Repeat each entry exactly. Drop every image.

Referring expression grounding data
######
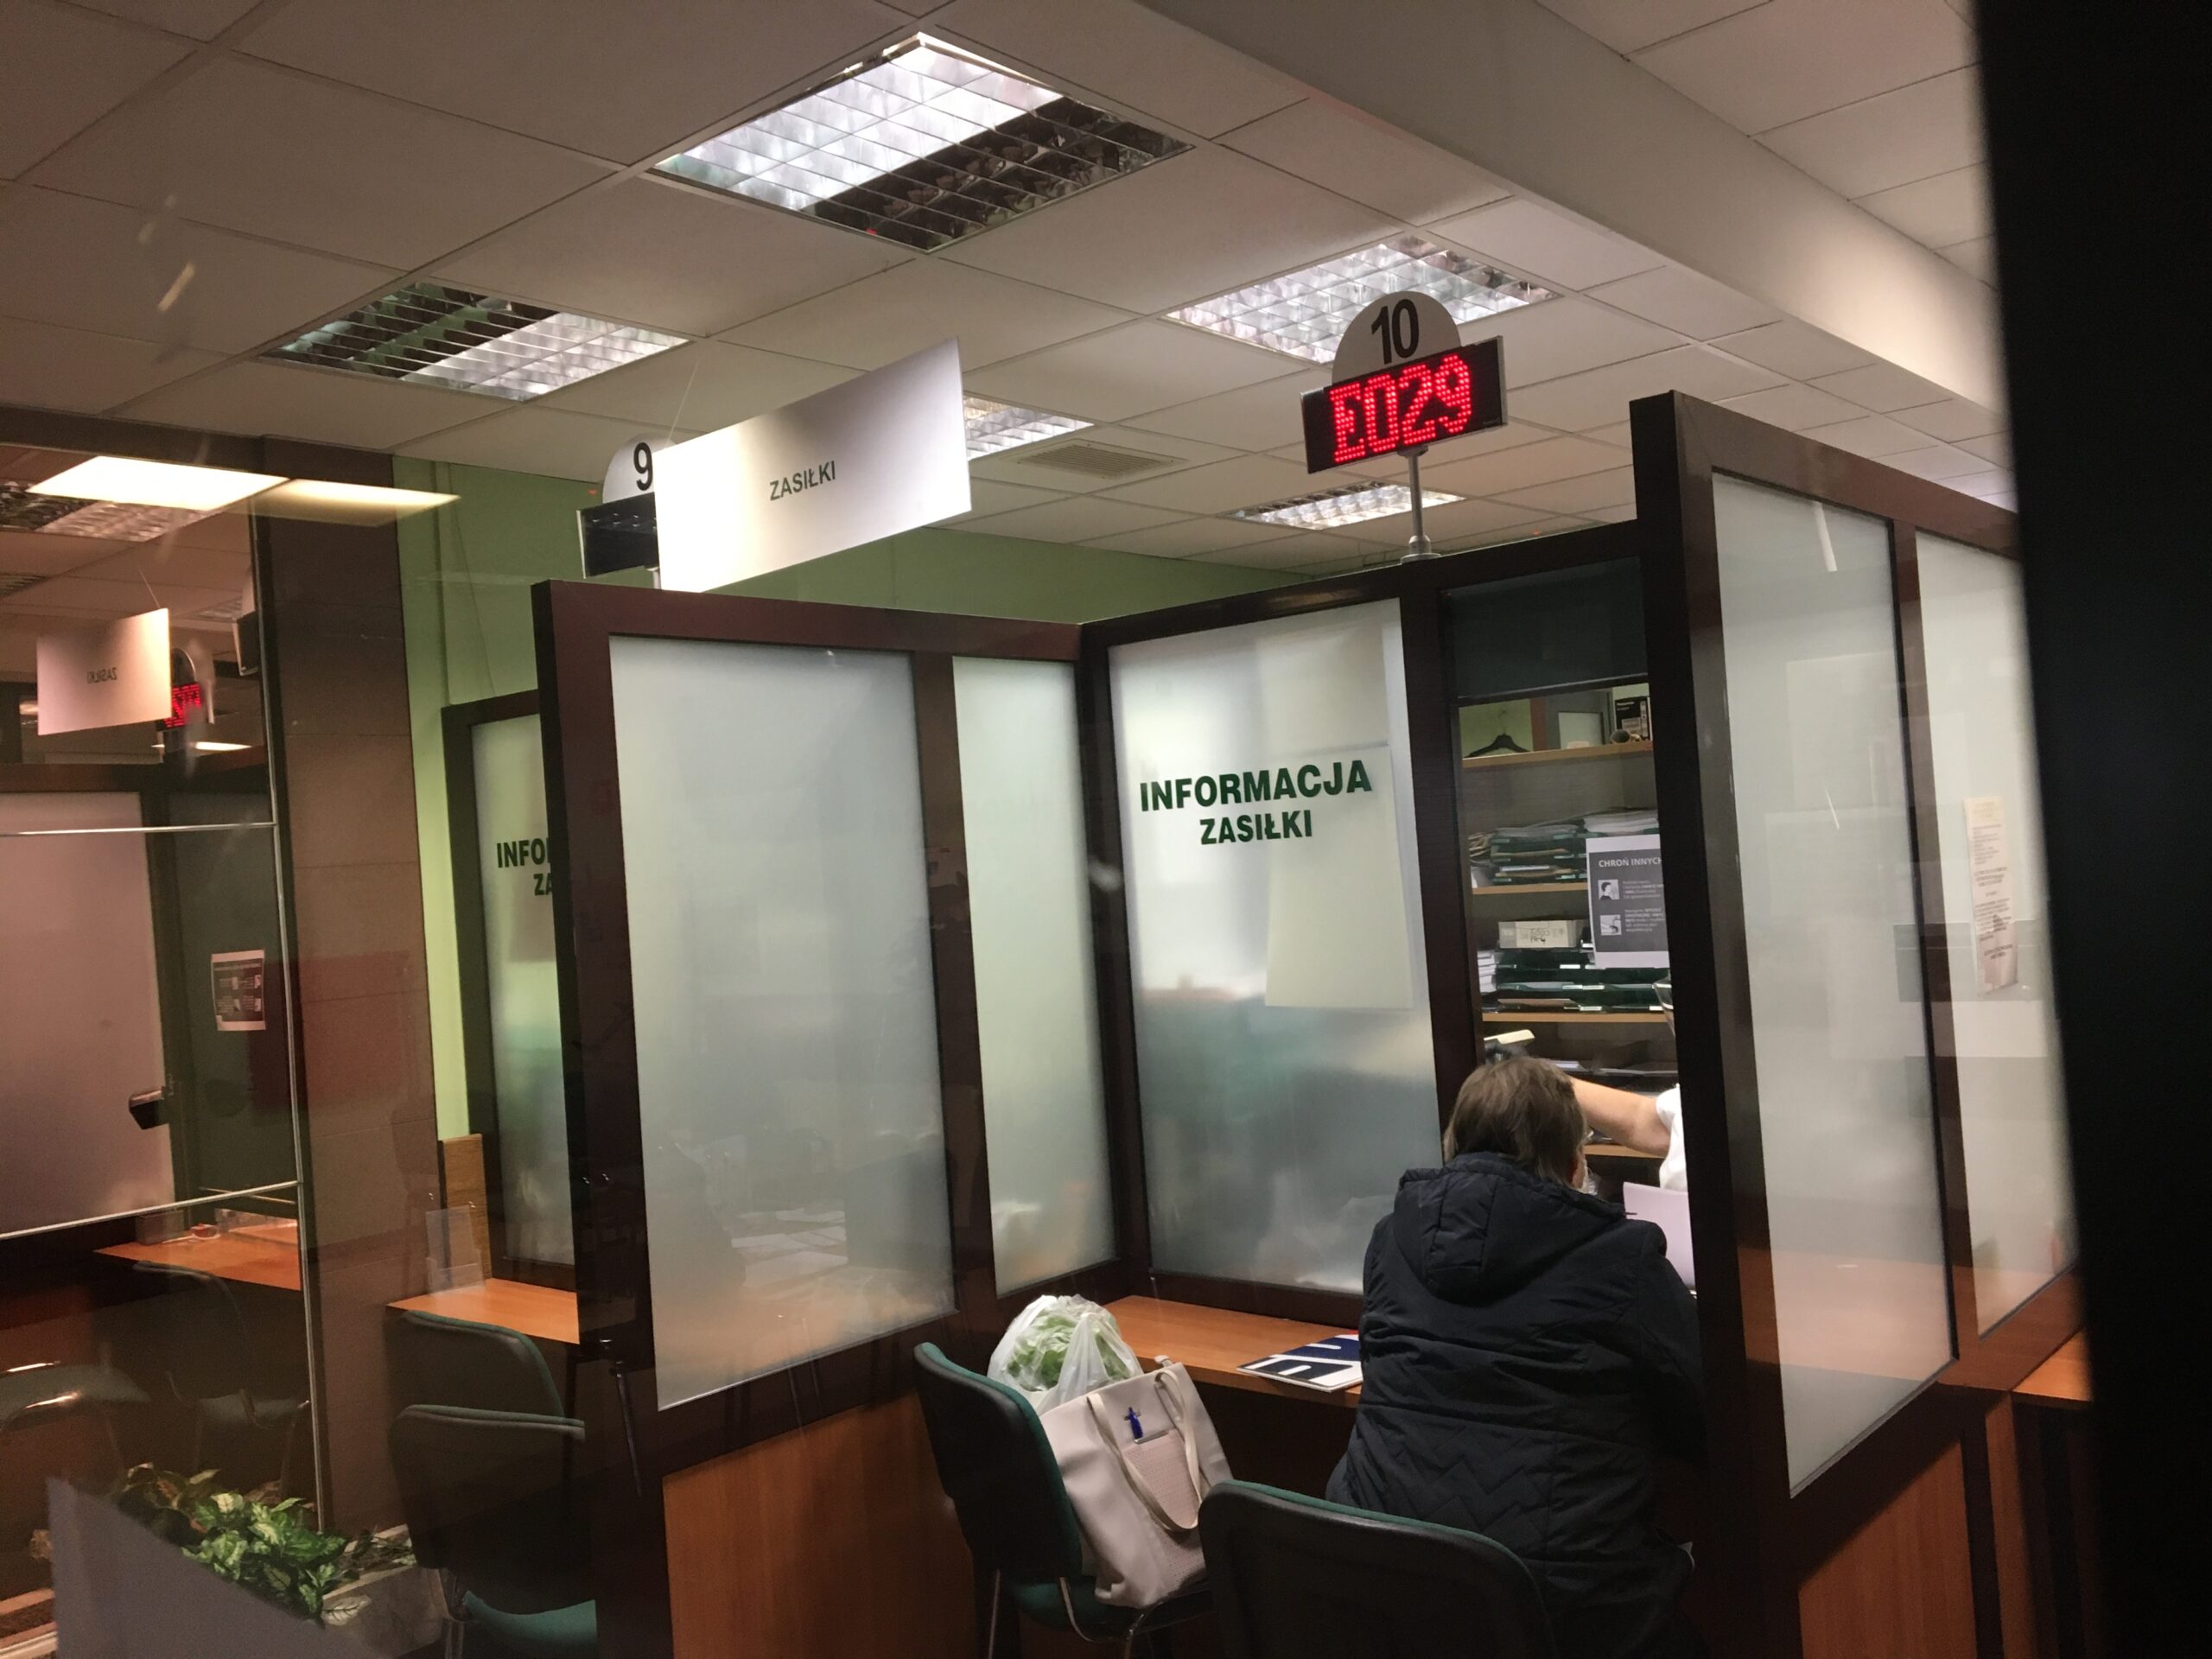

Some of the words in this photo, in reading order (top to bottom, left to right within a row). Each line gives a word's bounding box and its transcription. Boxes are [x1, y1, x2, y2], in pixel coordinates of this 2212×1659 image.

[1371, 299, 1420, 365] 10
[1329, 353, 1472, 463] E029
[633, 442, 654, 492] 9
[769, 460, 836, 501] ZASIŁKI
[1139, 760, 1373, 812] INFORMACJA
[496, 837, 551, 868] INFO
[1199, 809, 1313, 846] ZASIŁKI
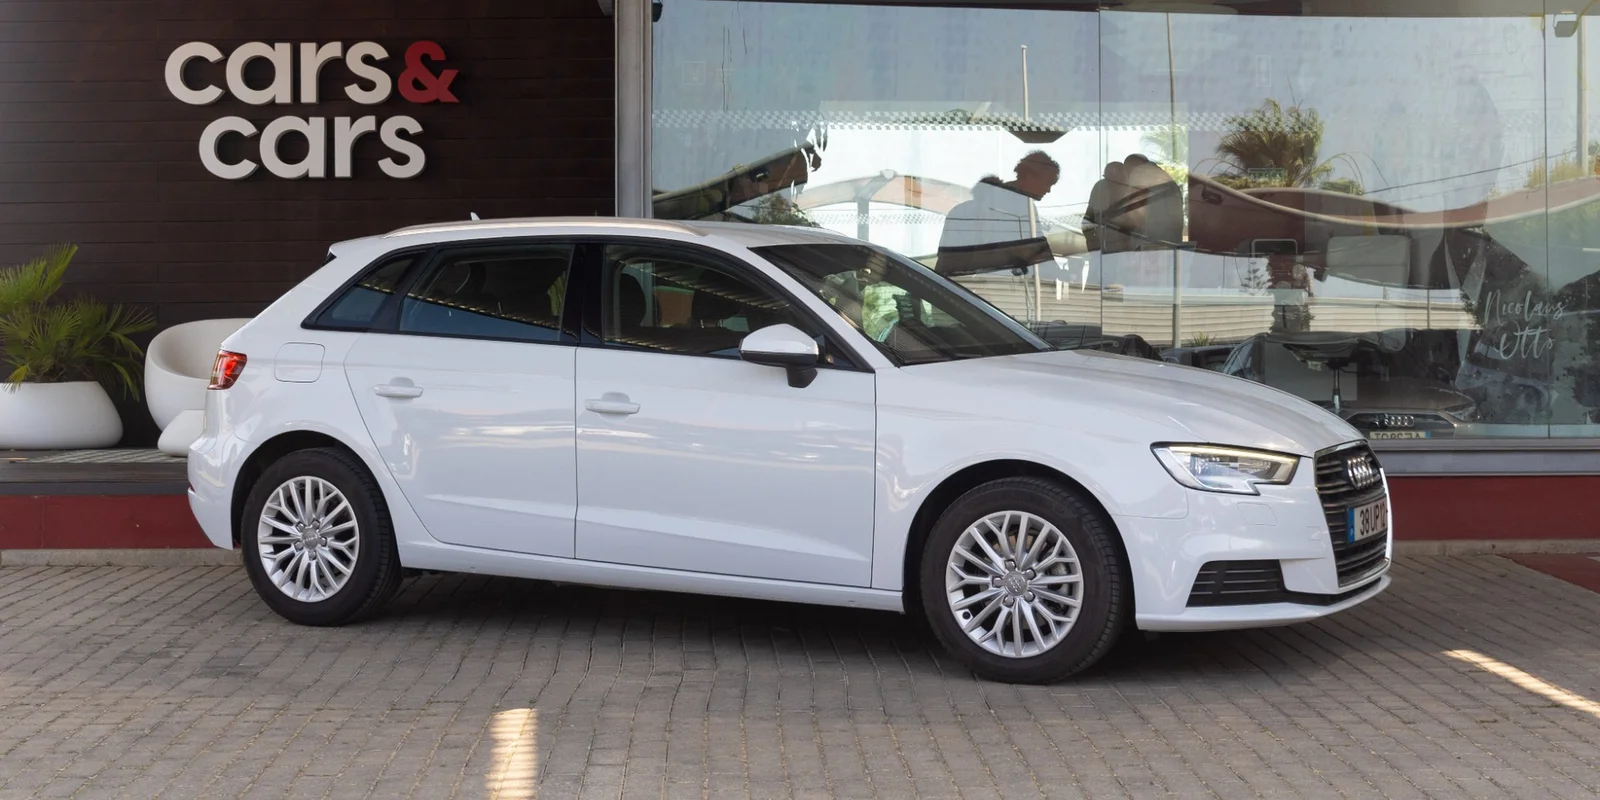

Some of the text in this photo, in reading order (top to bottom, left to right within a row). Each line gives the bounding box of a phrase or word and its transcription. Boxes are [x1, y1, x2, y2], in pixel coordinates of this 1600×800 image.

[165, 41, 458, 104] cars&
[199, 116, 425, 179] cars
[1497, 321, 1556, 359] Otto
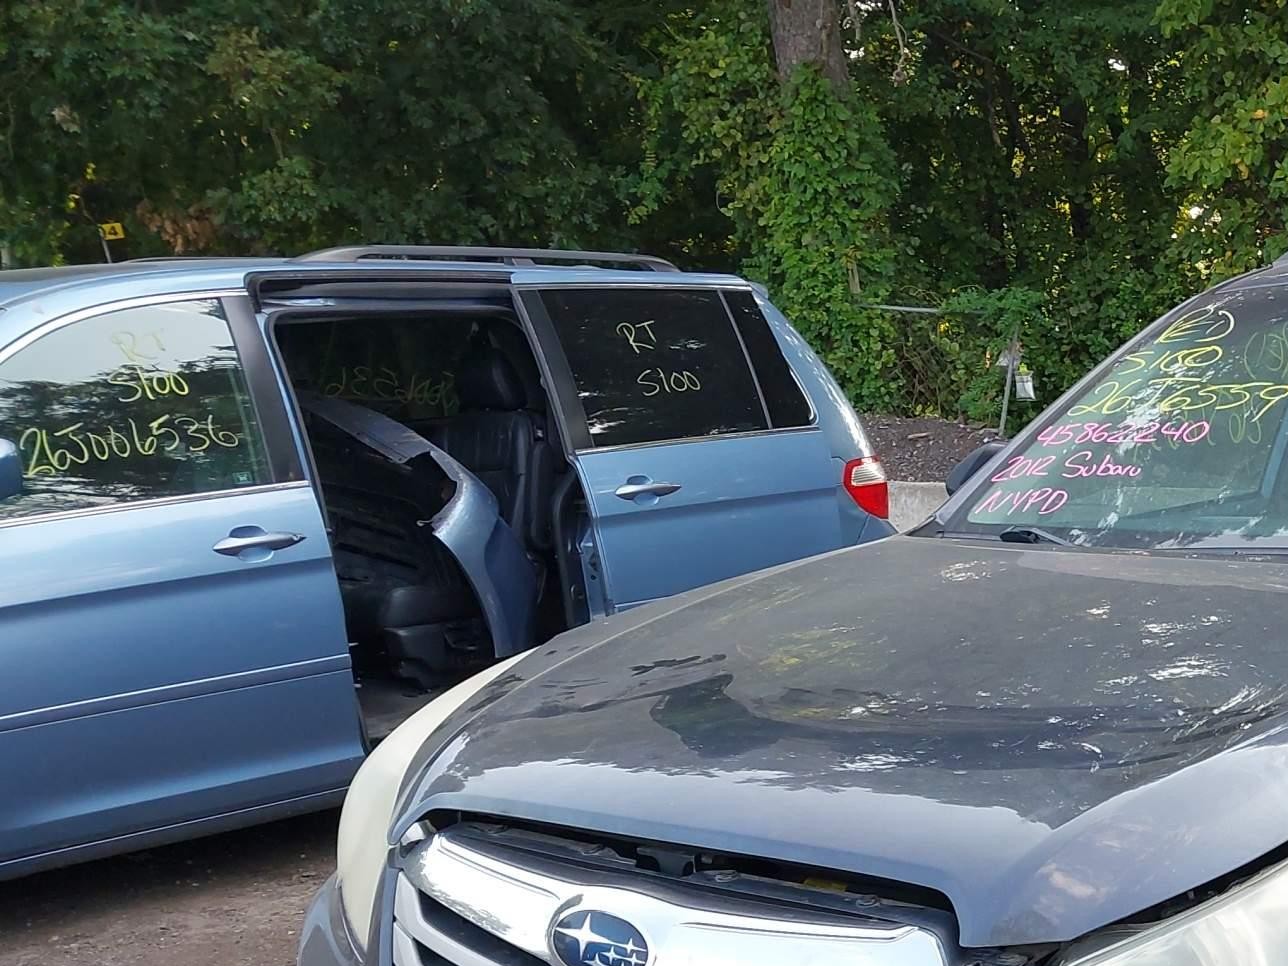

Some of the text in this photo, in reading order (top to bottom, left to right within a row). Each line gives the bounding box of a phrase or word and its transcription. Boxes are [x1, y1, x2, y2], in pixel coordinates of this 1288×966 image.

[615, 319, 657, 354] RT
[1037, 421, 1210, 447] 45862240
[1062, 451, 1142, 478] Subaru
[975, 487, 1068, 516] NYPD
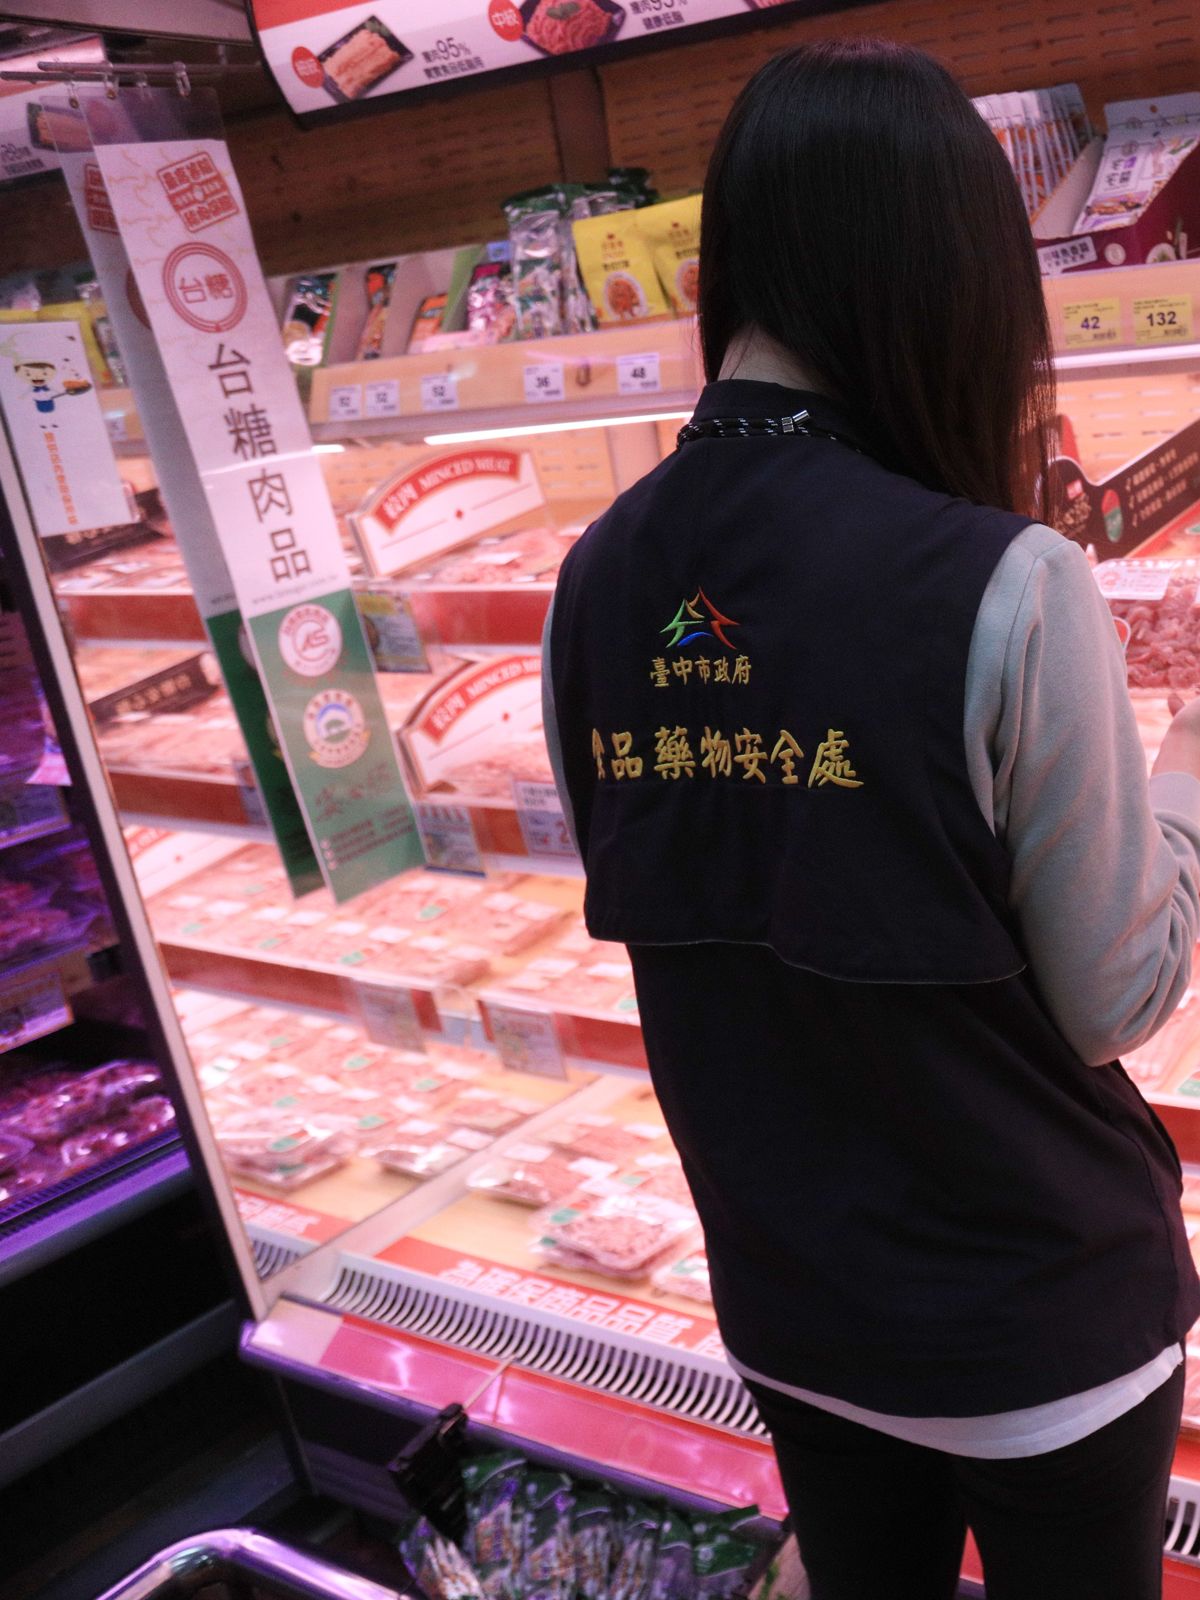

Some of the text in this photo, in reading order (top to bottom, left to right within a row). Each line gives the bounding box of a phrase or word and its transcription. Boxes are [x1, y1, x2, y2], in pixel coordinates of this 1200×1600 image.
######
→ Task result
Some of the words in this photo, in reading order (top to bottom, left to right within a row). Each line gives a word's bounding box and its transcription. Boxes are [x1, y1, x2, y2], in pixel coordinates of this 2212×1659 image.

[1371, 299, 1420, 365] 10
[1329, 353, 1472, 463] E029
[633, 442, 654, 492] 9
[769, 460, 836, 501] ZASIŁKI
[1139, 760, 1373, 812] INFORMACJA
[496, 837, 551, 868] INFO
[1199, 809, 1313, 846] ZASIŁKI

Some of the text in this photo, in reading order (top to bottom, left to right within a row). Each line gives the bounding box of a phrase or word and its transcription. Boxes are [x1, y1, x2, y2], in pixel coordinates of this 1600×800 image.

[165, 41, 458, 104] cars&
[199, 116, 425, 179] cars
[1497, 321, 1556, 359] Otto

Some of the text in this photo, in reading order (top to bottom, left to right within a row). Each line gives the bounding box of a phrase or word and its transcription. Boxes are [x1, y1, x2, y2], in pixel coordinates of this 1288×966 image.

[615, 319, 657, 354] RT
[1037, 421, 1210, 447] 45862240
[1062, 451, 1142, 478] Subaru
[975, 487, 1068, 516] NYPD

Some of the text in this photo, in reading order (top to bottom, left to right within a row). Each line gives the bounding box of a phrase or word and its transcription. Boxes are [x1, y1, x2, y2], in pixel coordinates of this 1200×1600 image.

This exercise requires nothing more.